Rich Man Road,by Ann Glamuzina, tells the separate stories of two immigrants to New Zealand. One morning the novice nun, Pualele Sina Auva’a, awakes to find that her friend and fellow nun, the elderly Olga Mastrovic, has died in the night. She has left behind a letter to Pualele, confessing that Olga felt herself to be a fraud who was never meant to be a nun.
She asks Pualele to read her journal, hoping that Pualele will learn from her friend’s choices and work out what future she really wants before taking her vows.
The book that follows consists of chapters from Olga’s journal, each followed by a chapter about Pualele’s childhood in third-person present tense. Olga’s journal traces her long slow journey from a tiny village in Dalmatia, which her family had to flee during World War Two, to New Zealand. She blames herself for having caused the conflict between the villagers and the German soldiers occupying the village, which forced them to leave, and believes her mother blames her too. Pualele leaves Samoa for New Zealand in 1979, sent to stay with her aunt and uncle in Auckland as part of an illegal adoption. Her difficulties fitting in with New Zealand culture lead to humiliation and disaster, and her misery is increased by being conscious that her mother has given her away. At the point where Olga and Pualele’s lives intersect, the connection between them is apparent.

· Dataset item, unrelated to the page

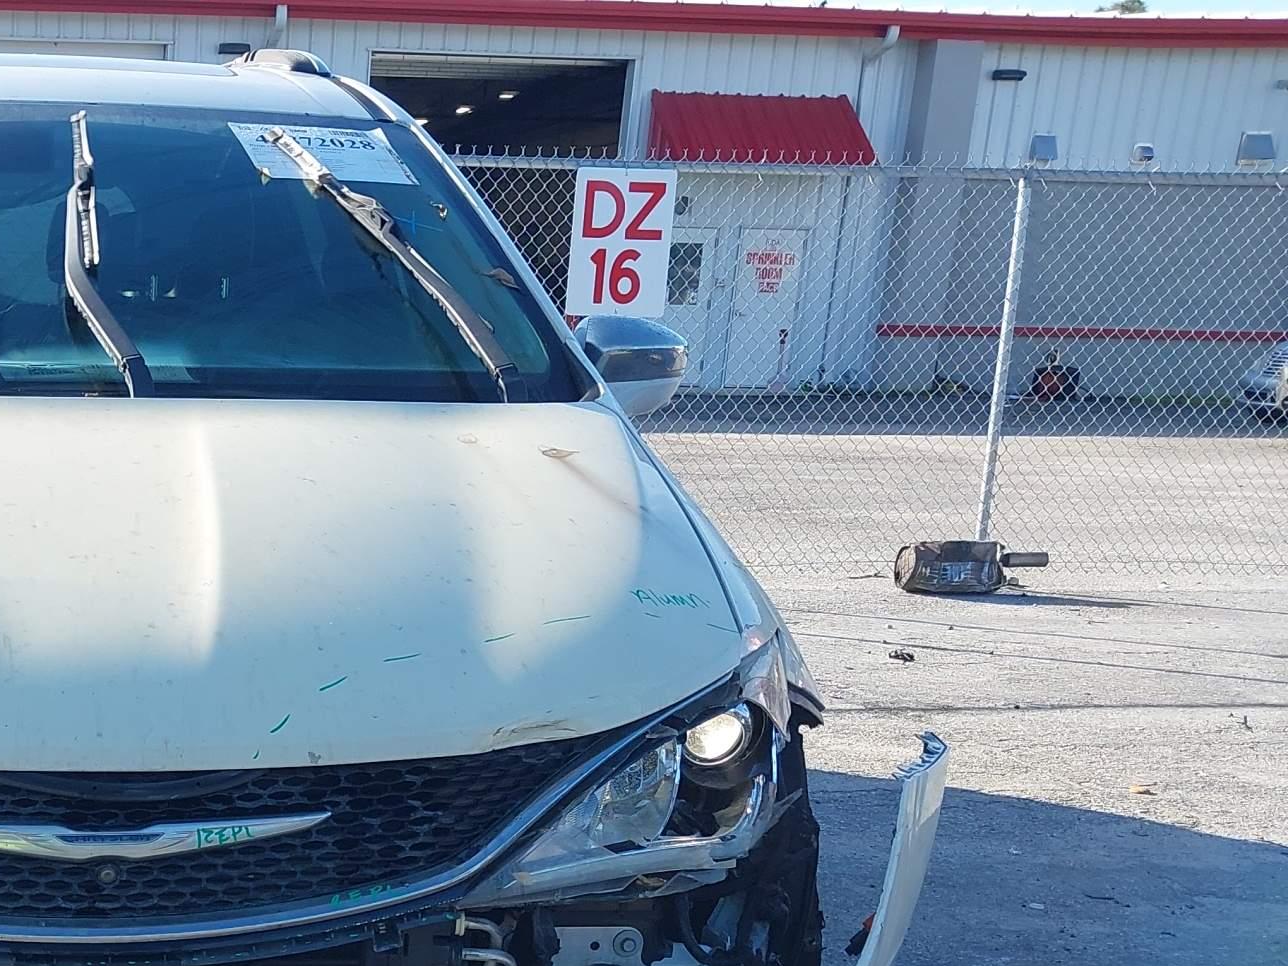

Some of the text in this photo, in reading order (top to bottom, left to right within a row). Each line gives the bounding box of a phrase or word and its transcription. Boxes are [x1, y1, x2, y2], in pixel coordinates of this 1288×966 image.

[255, 134, 376, 150] 472028
[582, 180, 667, 240] DZ
[590, 248, 642, 304] 16

While Olga’s story begins in a dramatic situation, Pualele’s gets off to a slower start. The initially contrasting narratives switch between a girl who is imperilled by Nazis and unwisely risks her life and a girl who moves country and has to start a new school. Soon enough, however, the divide lessens as terrible things happen to Pualele. Each new chapter is so engaging that it ends with a wrench of disappointment when you have to leave behind the girl you’re currently worried about to learn what’s happening to the other girl you’re worried about. Rich Man Road consists of drama bomb after drama bomb, with just enough hope and positivity intertwined for it all to seem plausible. Glamuzina writes with strength and clarity, and rarely wastes a sentence.
There is a huge time skip, which is a bit frustrating, especially for Pualele’s story. Olga’s story ends with her in the convent and we understand exactly why she’s there. Pualele’s narrative leaves her somewhere in her early teens, still homesick for Samoa, although beginning to find happiness in New Zealand. We rejoin her in the convent, where she has just finished reading Olga’s journal. At this point Pualele must be 42, but her character still comes across like a young adult. Both Pualele and Olga have used religion to retreat from the world, but it still seems like a long time for Pualele to have stayed in an unsure and insecure stasis. The ending hinges on her decision about whether to stay in the convent or return to Samoa.
The biggest flaw of Rich Man Road is that there isn’t enough of it. I wanted to know more about Pualele, about what had happened to her and what was going to happen her. But its biggest flaw, inevitably, is also its biggest success — Rich Man Road is well worth reading.